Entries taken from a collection
=====

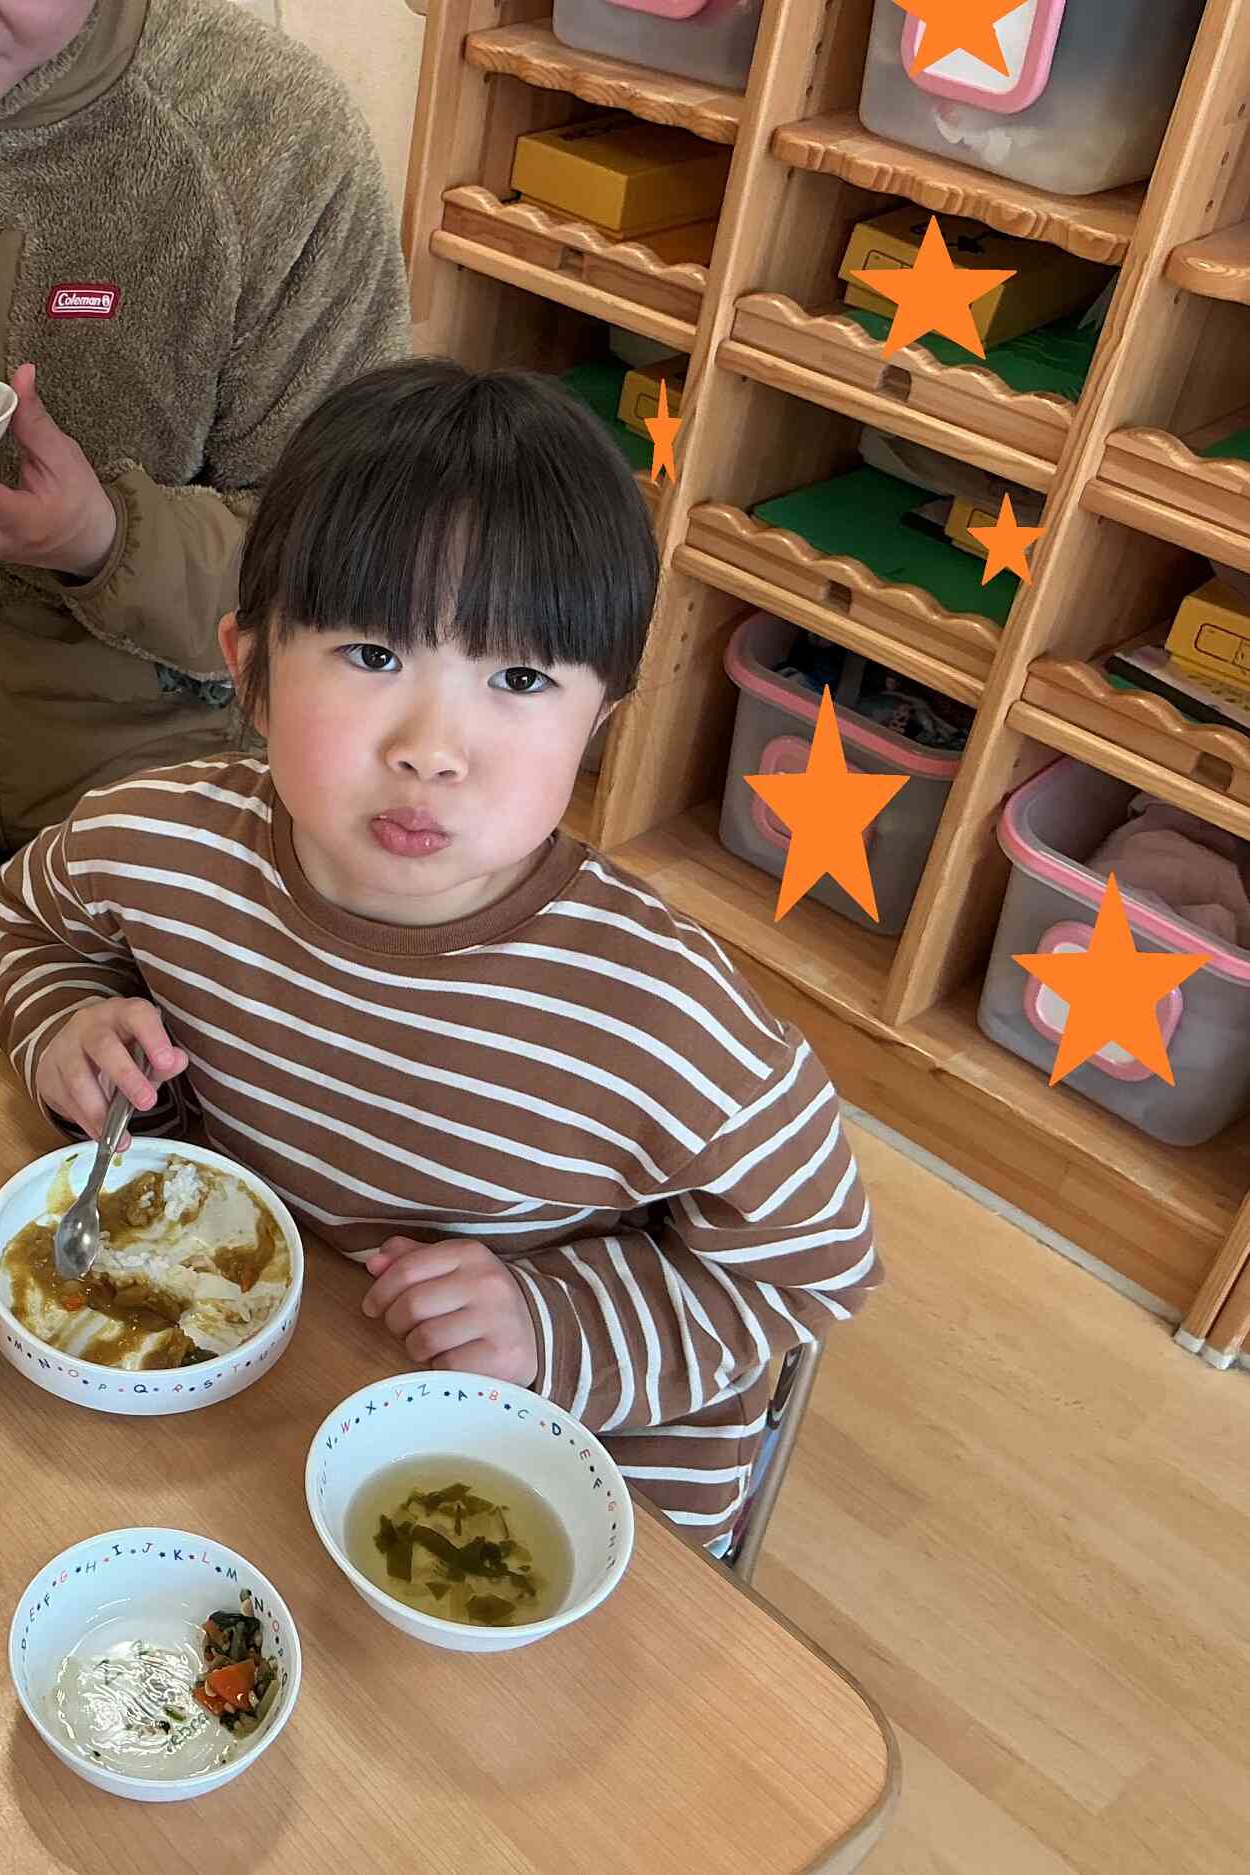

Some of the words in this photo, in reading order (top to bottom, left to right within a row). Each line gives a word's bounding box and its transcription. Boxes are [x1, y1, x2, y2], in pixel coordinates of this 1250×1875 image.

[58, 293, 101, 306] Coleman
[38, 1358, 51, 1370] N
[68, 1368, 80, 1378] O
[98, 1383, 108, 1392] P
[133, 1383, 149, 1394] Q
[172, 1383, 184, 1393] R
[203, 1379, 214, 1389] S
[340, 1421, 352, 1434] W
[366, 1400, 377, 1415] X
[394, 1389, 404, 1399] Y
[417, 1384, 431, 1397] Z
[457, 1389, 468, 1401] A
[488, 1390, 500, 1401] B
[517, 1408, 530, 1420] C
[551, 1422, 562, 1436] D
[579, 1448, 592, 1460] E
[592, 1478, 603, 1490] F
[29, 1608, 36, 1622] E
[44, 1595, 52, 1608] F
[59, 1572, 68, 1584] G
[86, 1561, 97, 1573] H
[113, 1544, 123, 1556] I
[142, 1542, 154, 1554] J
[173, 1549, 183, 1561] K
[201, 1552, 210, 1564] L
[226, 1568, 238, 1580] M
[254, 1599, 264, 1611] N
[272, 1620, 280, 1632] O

=====

> _Work required_: Print, word for word, every entry shown above; the pictures stay out.

> _Result for this task_:
Some of the words in this photo, in reading order (top to bottom, left to right within a row). Each line gives a word's bounding box and its transcription. Boxes are [x1, y1, x2, y2], in pixel coordinates of this 1250×1875 image.

[58, 293, 101, 306] Coleman
[38, 1358, 51, 1370] N
[68, 1368, 80, 1378] O
[98, 1383, 108, 1392] P
[133, 1383, 149, 1394] Q
[172, 1383, 184, 1393] R
[203, 1379, 214, 1389] S
[340, 1421, 352, 1434] W
[366, 1400, 377, 1415] X
[394, 1389, 404, 1399] Y
[417, 1384, 431, 1397] Z
[457, 1389, 468, 1401] A
[488, 1390, 500, 1401] B
[517, 1408, 530, 1420] C
[551, 1422, 562, 1436] D
[579, 1448, 592, 1460] E
[592, 1478, 603, 1490] F
[29, 1608, 36, 1622] E
[44, 1595, 52, 1608] F
[59, 1572, 68, 1584] G
[86, 1561, 97, 1573] H
[113, 1544, 123, 1556] I
[142, 1542, 154, 1554] J
[173, 1549, 183, 1561] K
[201, 1552, 210, 1564] L
[226, 1568, 238, 1580] M
[254, 1599, 264, 1611] N
[272, 1620, 280, 1632] O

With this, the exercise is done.